WHAT YOU WILL DO: Going line by line through the records below, write out everything starting with the line containing "this 1334×1500 image." and going on through the line containing "this 1601×1601 image.", exactly and inclusively. Pictures do not go in.

====== RECORDS FOR THE TASK ======

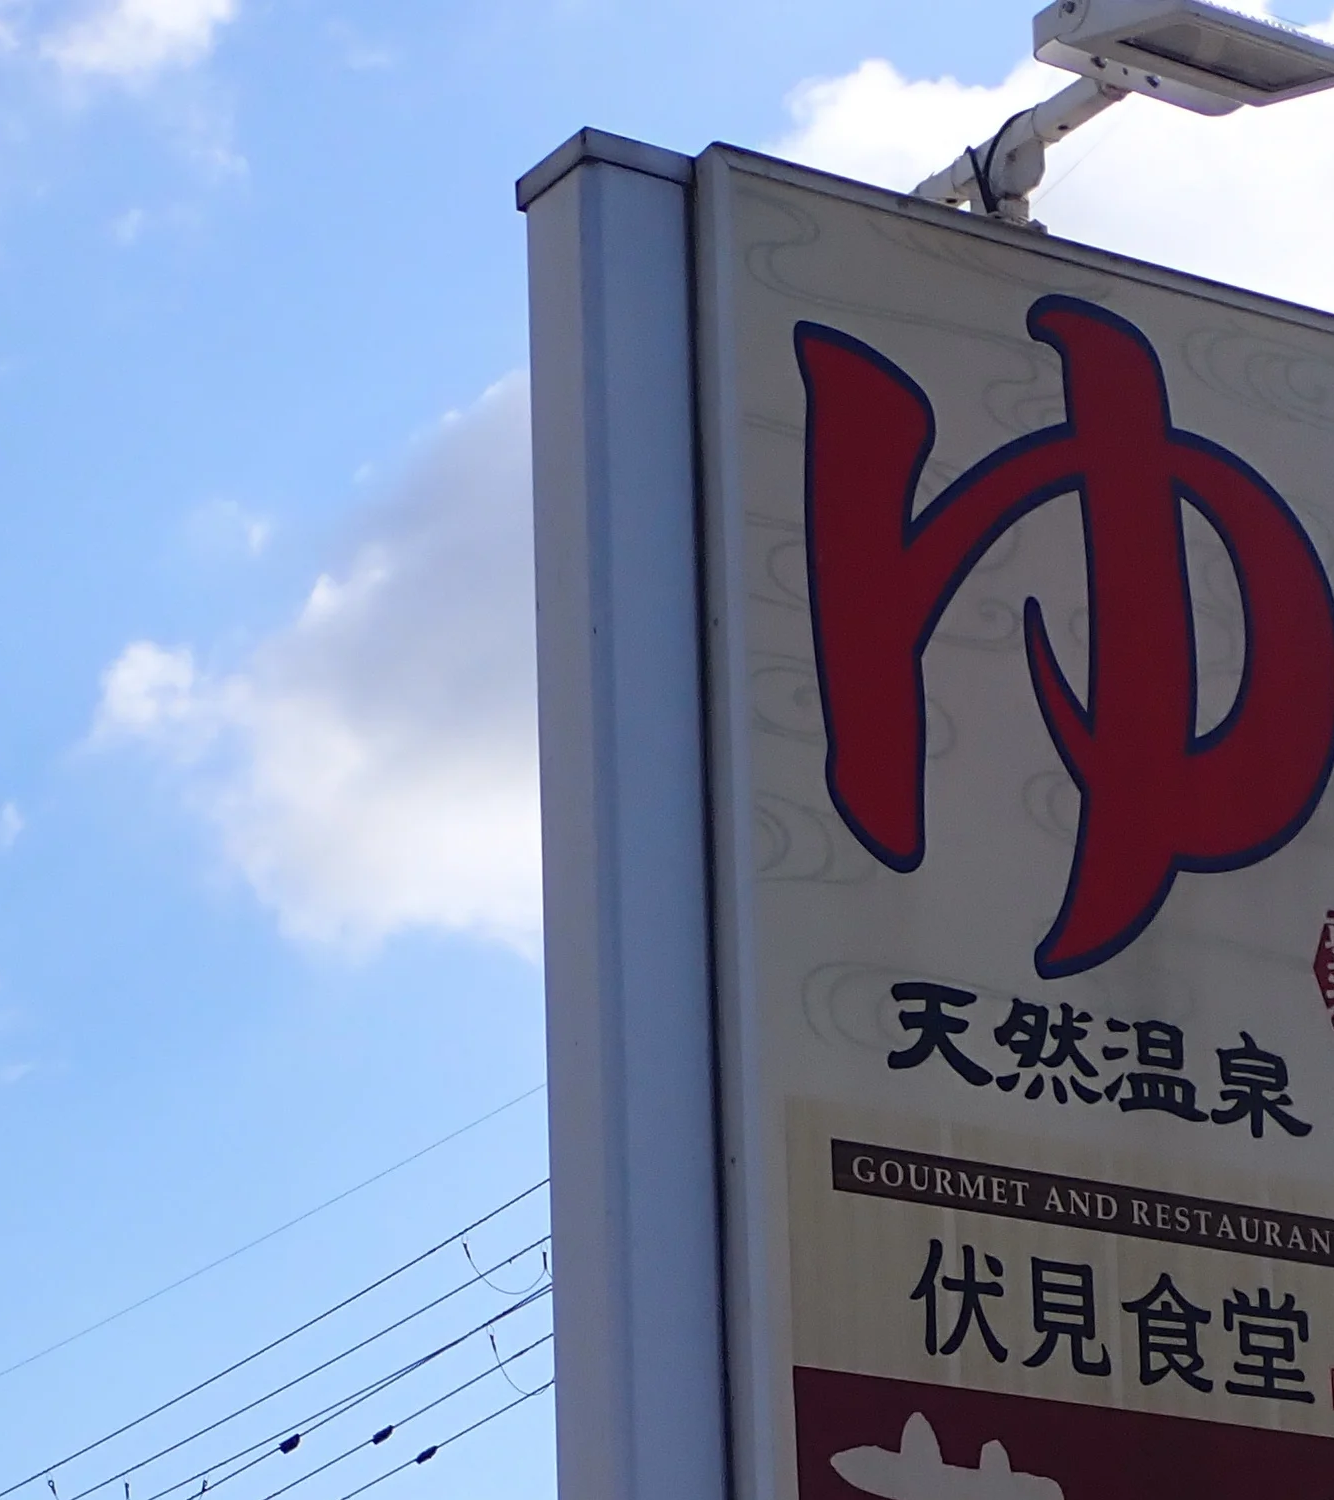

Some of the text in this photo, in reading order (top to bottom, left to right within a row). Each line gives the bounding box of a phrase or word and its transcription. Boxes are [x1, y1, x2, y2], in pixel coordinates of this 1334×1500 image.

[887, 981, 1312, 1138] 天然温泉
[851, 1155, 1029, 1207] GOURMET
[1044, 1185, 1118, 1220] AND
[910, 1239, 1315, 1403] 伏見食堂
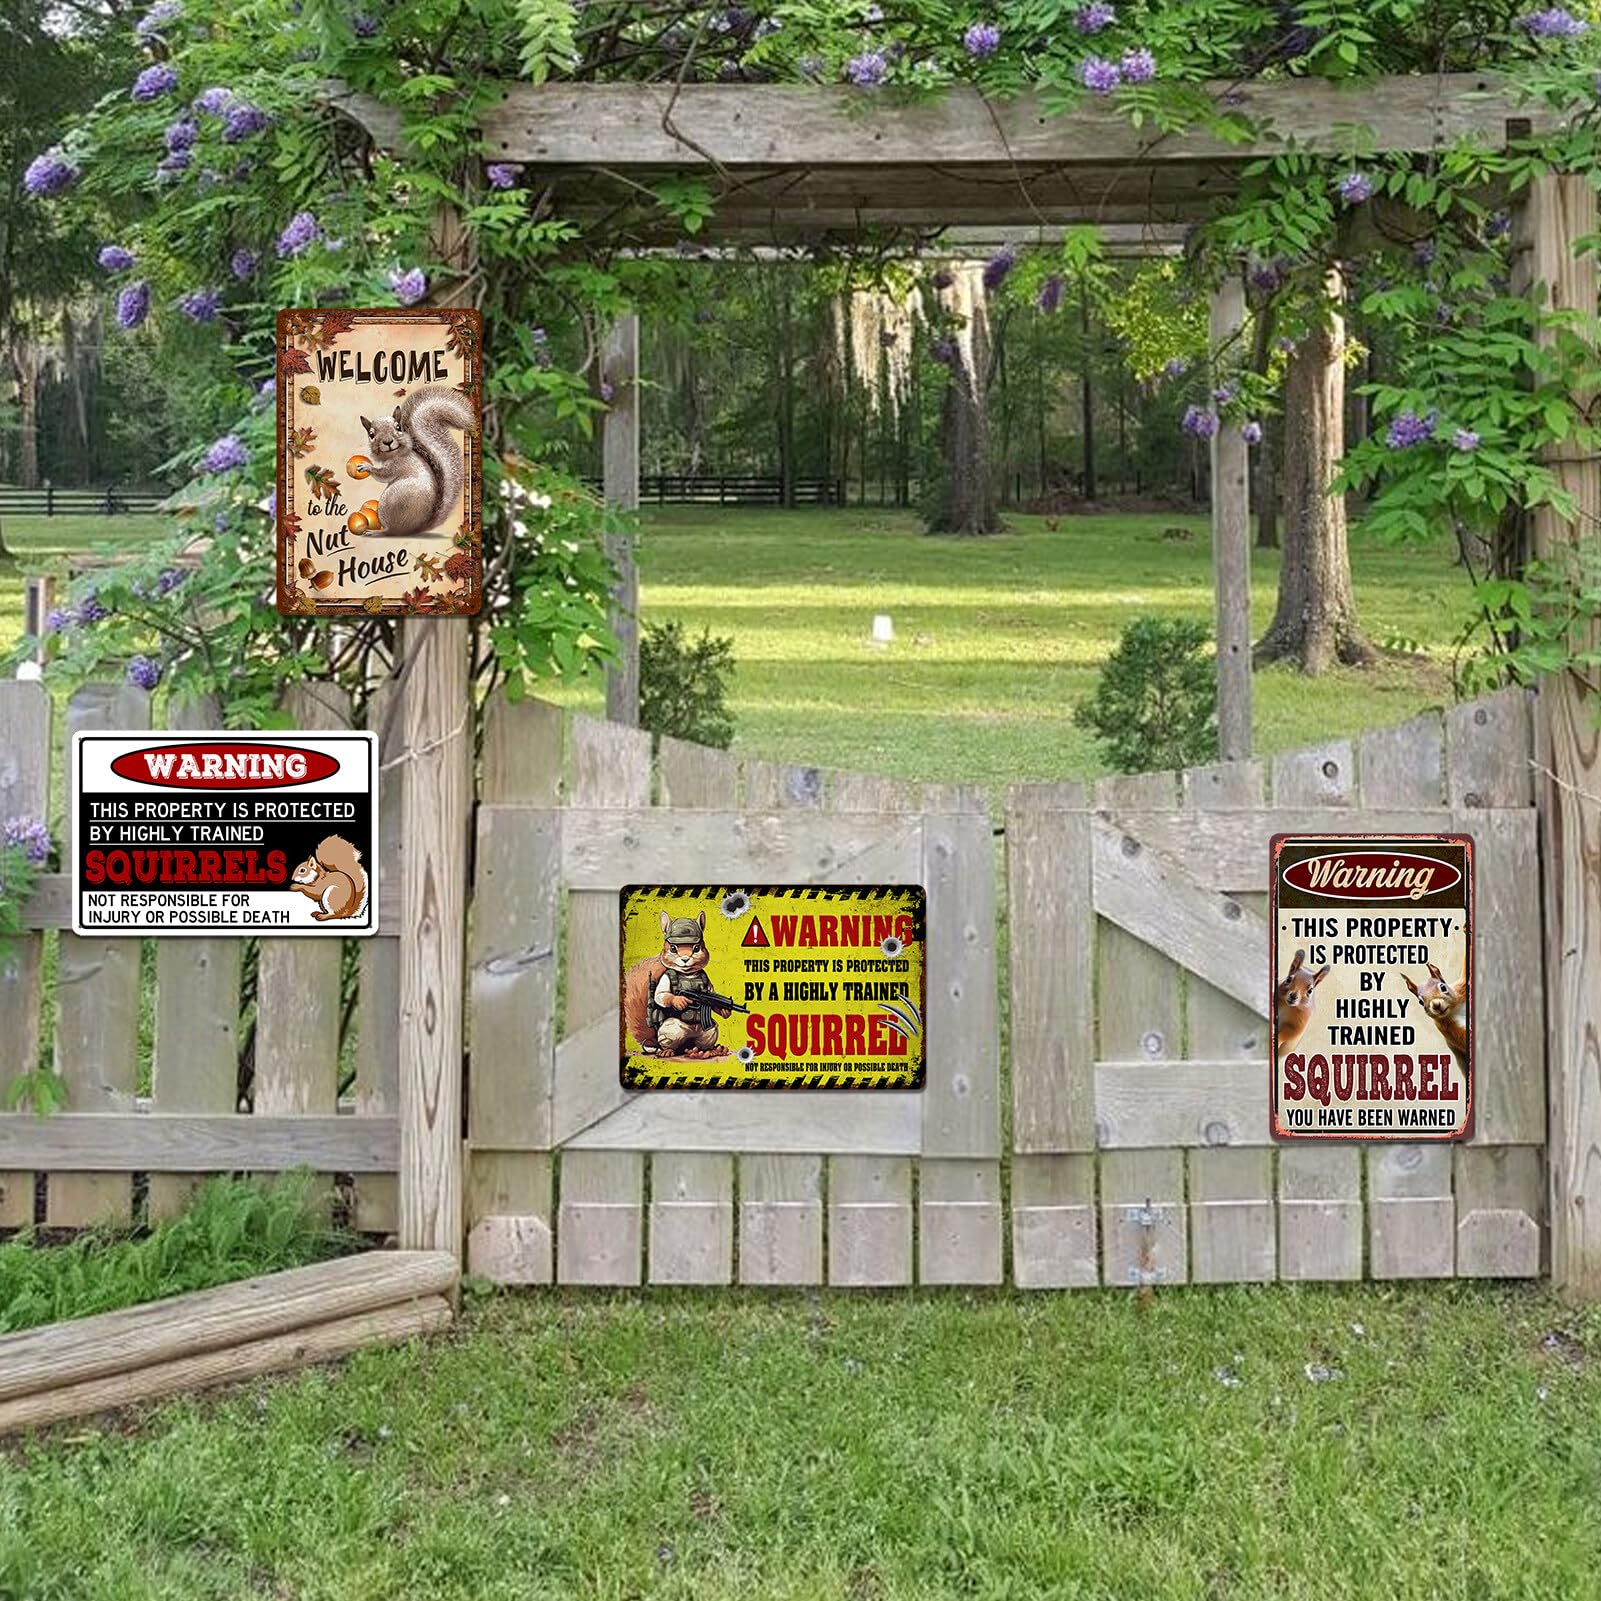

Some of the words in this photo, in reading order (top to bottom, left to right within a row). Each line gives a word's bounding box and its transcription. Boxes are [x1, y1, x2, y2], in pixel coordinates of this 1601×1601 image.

======
====== RECORDS FOR THE TASK ======

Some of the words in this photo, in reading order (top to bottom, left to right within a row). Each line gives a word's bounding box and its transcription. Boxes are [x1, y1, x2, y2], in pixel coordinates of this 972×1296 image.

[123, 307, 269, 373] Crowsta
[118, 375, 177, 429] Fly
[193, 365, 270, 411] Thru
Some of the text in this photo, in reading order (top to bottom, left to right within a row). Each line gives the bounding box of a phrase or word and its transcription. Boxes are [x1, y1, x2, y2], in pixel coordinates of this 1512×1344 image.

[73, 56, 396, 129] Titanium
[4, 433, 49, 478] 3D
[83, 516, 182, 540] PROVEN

======

SOLVED EXERCISE:
Some of the text in this photo, in reading order (top to bottom, left to right within a row). Each line gives the bounding box of a phrase or word and its transcription. Boxes are [x1, y1, x2, y2], in pixel coordinates of this 1334×1500 image.

[887, 981, 1312, 1138] 天然温泉
[851, 1155, 1029, 1207] GOURMET
[1044, 1185, 1118, 1220] AND
[910, 1239, 1315, 1403] 伏見食堂

Some of the words in this photo, in reading order (top to bottom, left to right within a row). Each line gives a word's bounding box and its transcription. Boxes are [x1, y1, x2, y2], in pixel coordinates of this 1601×1601 image.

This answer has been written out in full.